The second is 2003 World Rally Champion Petter Solberg who is shown in the bucket seat of a Subaru Impreza WRC wrestling with the steering wheel. For all the Gran Turismo series’ brilliance, there’s never been a sense that there’s any personality in the AI – it may as well be Skynet behind the wheel. Our great hope is that GT5 will make the shift in the series’ emphasis, where you’re dicing with individuals rather than faceless AI and, more to the point, competing against digital avatars of the world’s best drivers.
The other huge addition to the series is likely to change the way you drive in Gran Turismo forever. No more ‘leaning’ on other cars to get around a corner or using the barriers to help you carry speed through a hairpin. The addition of damage means attempting unsportsmanlike behaviour will result in a shower of bodywork and, probably, ruined handling or engine output. Car damage is something fans have been asking for since the first instalment, because in a game dedicated to realism the ability to bounce off opponents and scenery with little or no regard for your own safety isn’t what racing is about.

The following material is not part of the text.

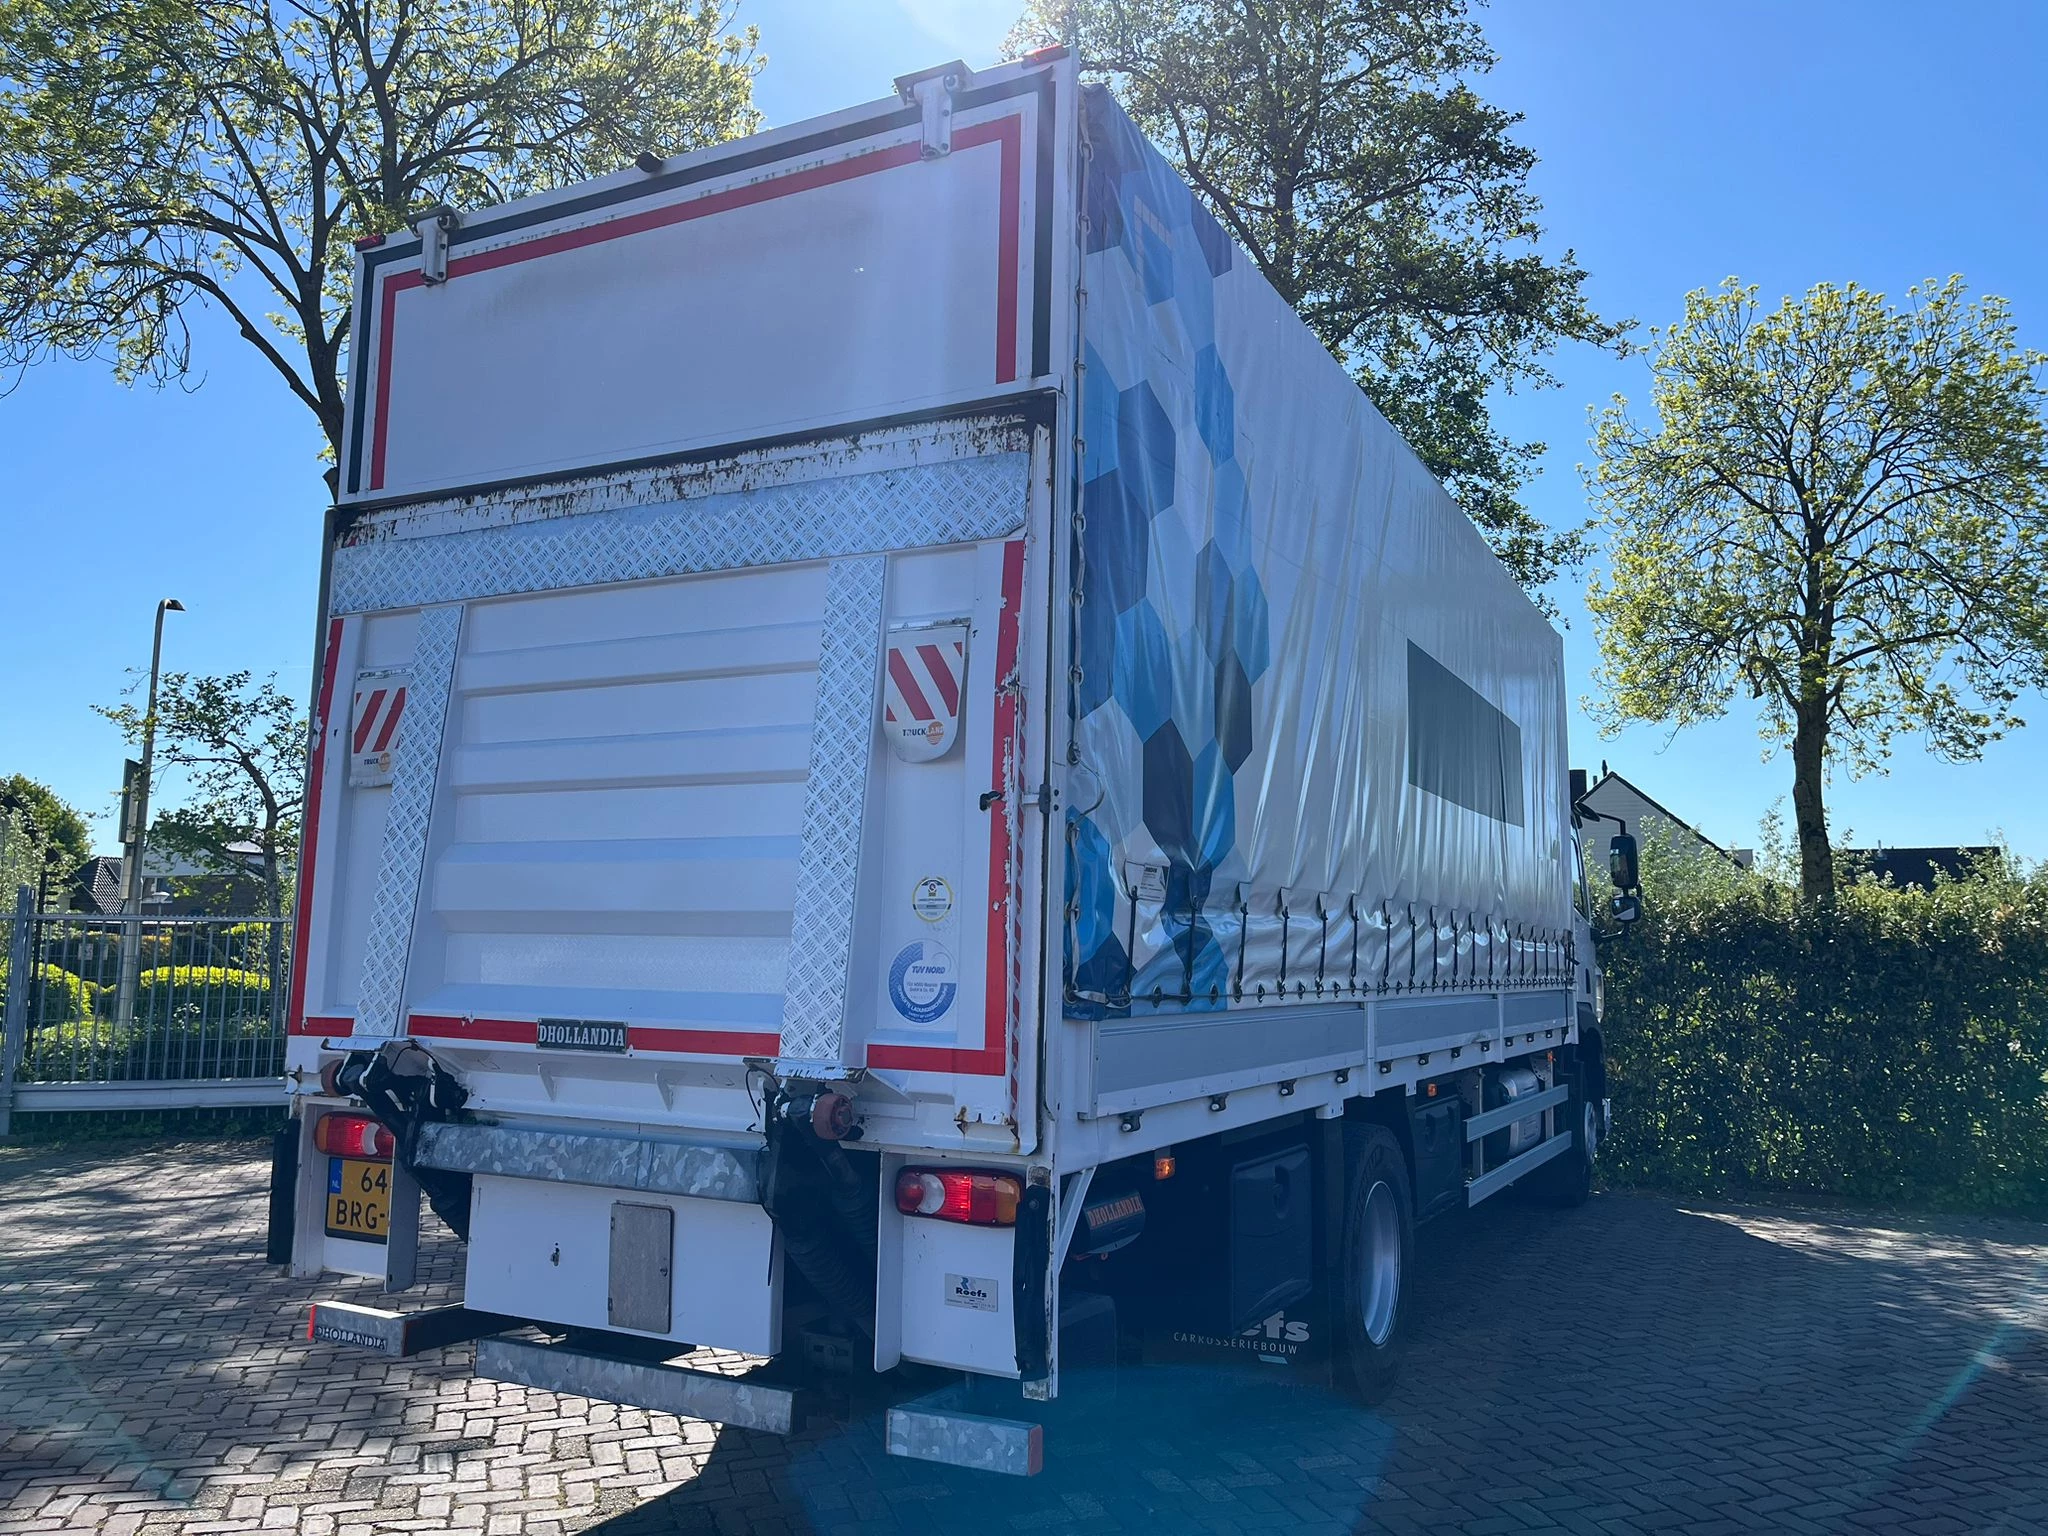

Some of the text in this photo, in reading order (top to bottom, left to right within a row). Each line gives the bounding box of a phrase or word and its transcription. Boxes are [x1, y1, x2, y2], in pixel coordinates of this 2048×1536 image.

The back end of the demo heavily emphasised crashing, and while damage was only shown where the bodywork on Solberg’s Subaru was mangled and flapping in the breeze, it’s clear that the inevitability of motorsport accidents is something GT5 is taking seriously. The key thing is that rather than just encourage precision, racing is now going to require it, and whether or not this causes online races to turn into crashfests remains to be seen. Hopefully, after Prologue, the community’s requests for private online races will be fulfilled and should counter that problem to a degree.
As a small addition for the British crowd, the demo also marked the debut of the Top Gear Test Track, complete with two snorting Le Mans prototypes. We don’t doubt that one of the first things that British players will do is find the Chevrolet Lacetti and start ragging it around the airfield circuit. Think you’re better than The Stig? There areprobably a fair chunk of other supercars in the game that have pounded the TV show’s track and set a time on the Power Lap board.

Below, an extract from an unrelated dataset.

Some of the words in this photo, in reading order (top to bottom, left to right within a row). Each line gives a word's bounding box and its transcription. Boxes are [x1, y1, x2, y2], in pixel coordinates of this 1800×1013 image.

Perhaps the best news, though, is the revelation that Gran Turismo 5 could be with us sooner than later. In several interviews during E3, Kazunori Yamauchi implied that the core of the game was finished and content complete, with just the polishing and tweaking to satisfy his notorious perfectionist nature left to do. Yamauchi even went as far as to say the game could be released at any time, which places it tantalisingly close to the disc tray of your PS3. We’ll wager we’ll see GT5 before Christmas – half a year is long enough to fix any flaws and, since Prologue went platinum on preorders, there’s no doubting this game will dominate 2009’s charts.